— YOUR OBJECTIVE —
Restate the data below word for word, omitting pictures.
============
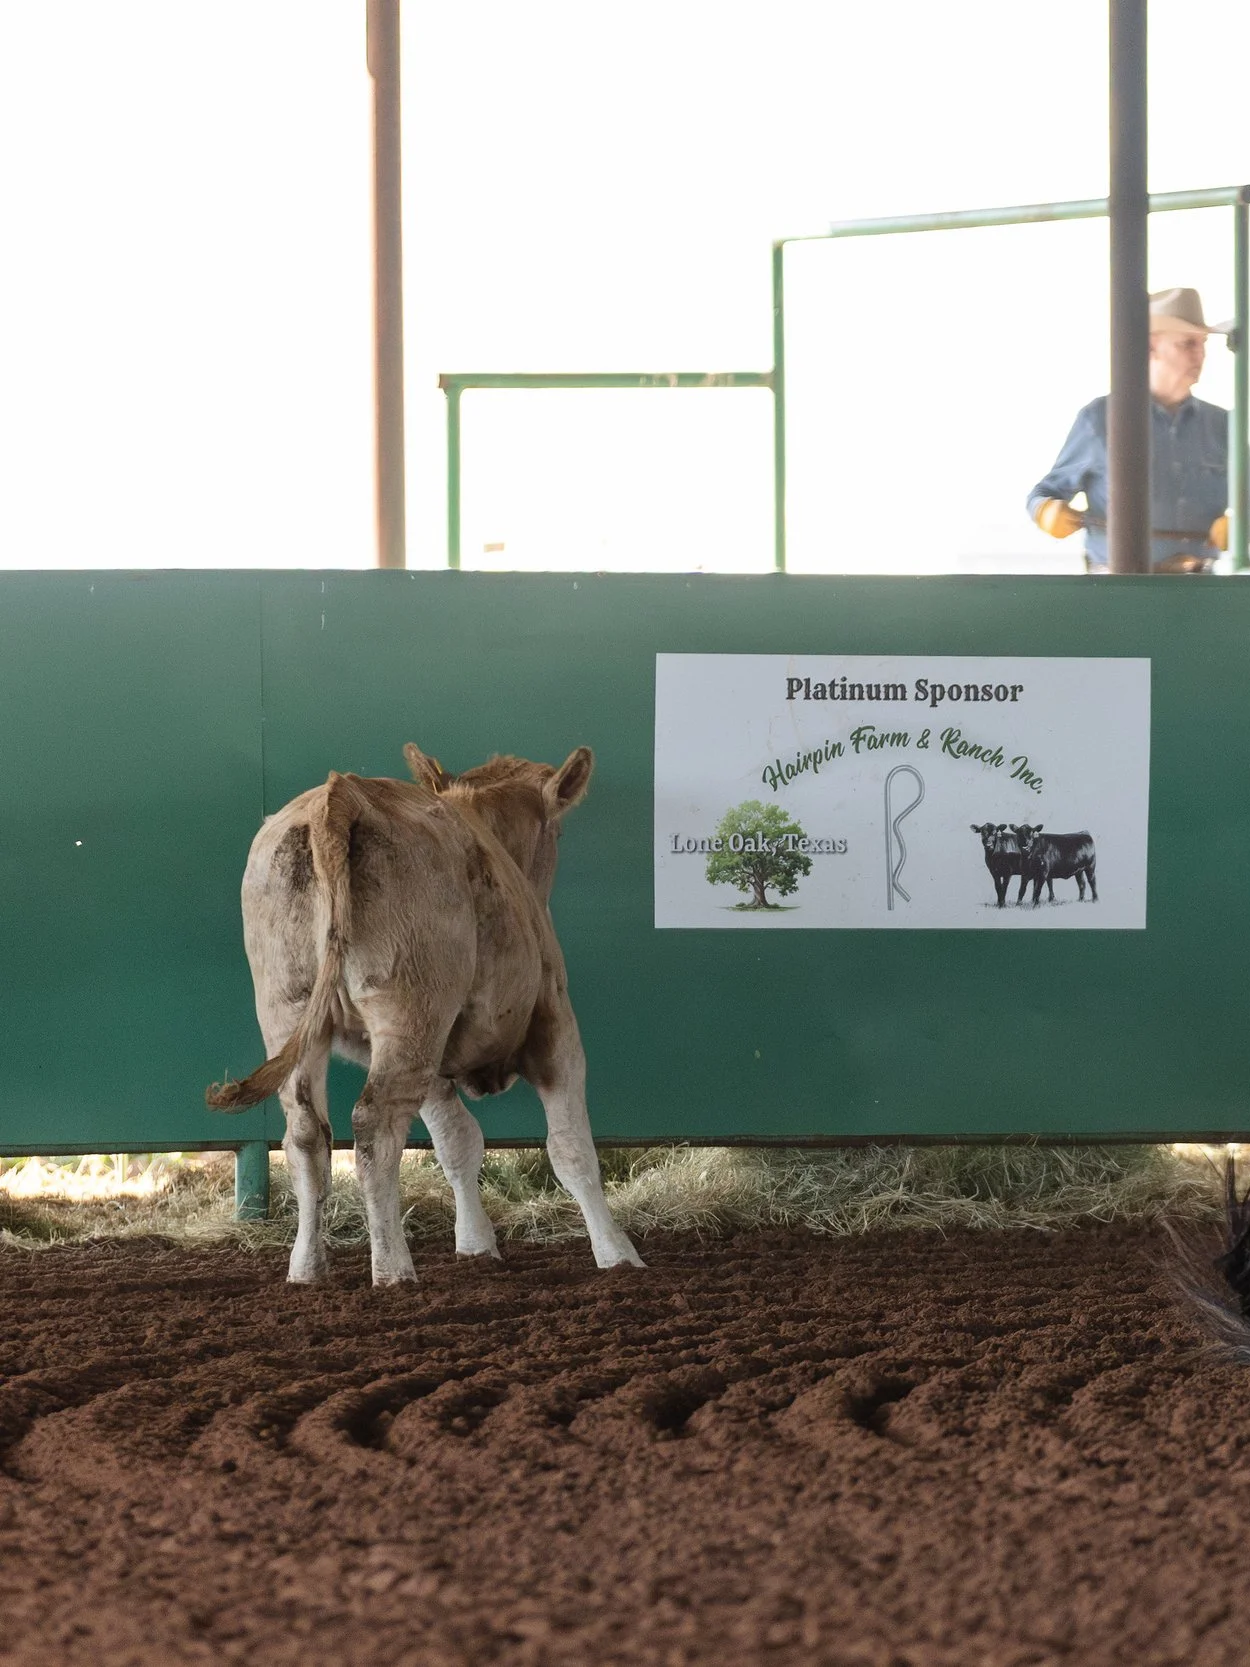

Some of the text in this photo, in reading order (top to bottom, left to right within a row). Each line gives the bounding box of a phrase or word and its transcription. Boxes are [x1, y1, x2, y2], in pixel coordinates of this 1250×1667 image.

[785, 675, 1024, 708] Platinum Sponsor
[762, 725, 1044, 795] Hairpin Farm & Ranch Inc.
[671, 833, 725, 855] Lone
[782, 833, 848, 855] Texas
============
— RESULT FOR THIS EXERCISE —
Some of the text in this photo, in reading order (top to bottom, left to right within a row). Each line gives the bounding box of a phrase or word and its transcription. Boxes are [x1, y1, x2, y2], in pixel coordinates of this 1250×1667 image.

[785, 675, 1024, 708] Platinum Sponsor
[762, 725, 1044, 795] Hairpin Farm & Ranch Inc.
[671, 833, 725, 855] Lone
[782, 833, 848, 855] Texas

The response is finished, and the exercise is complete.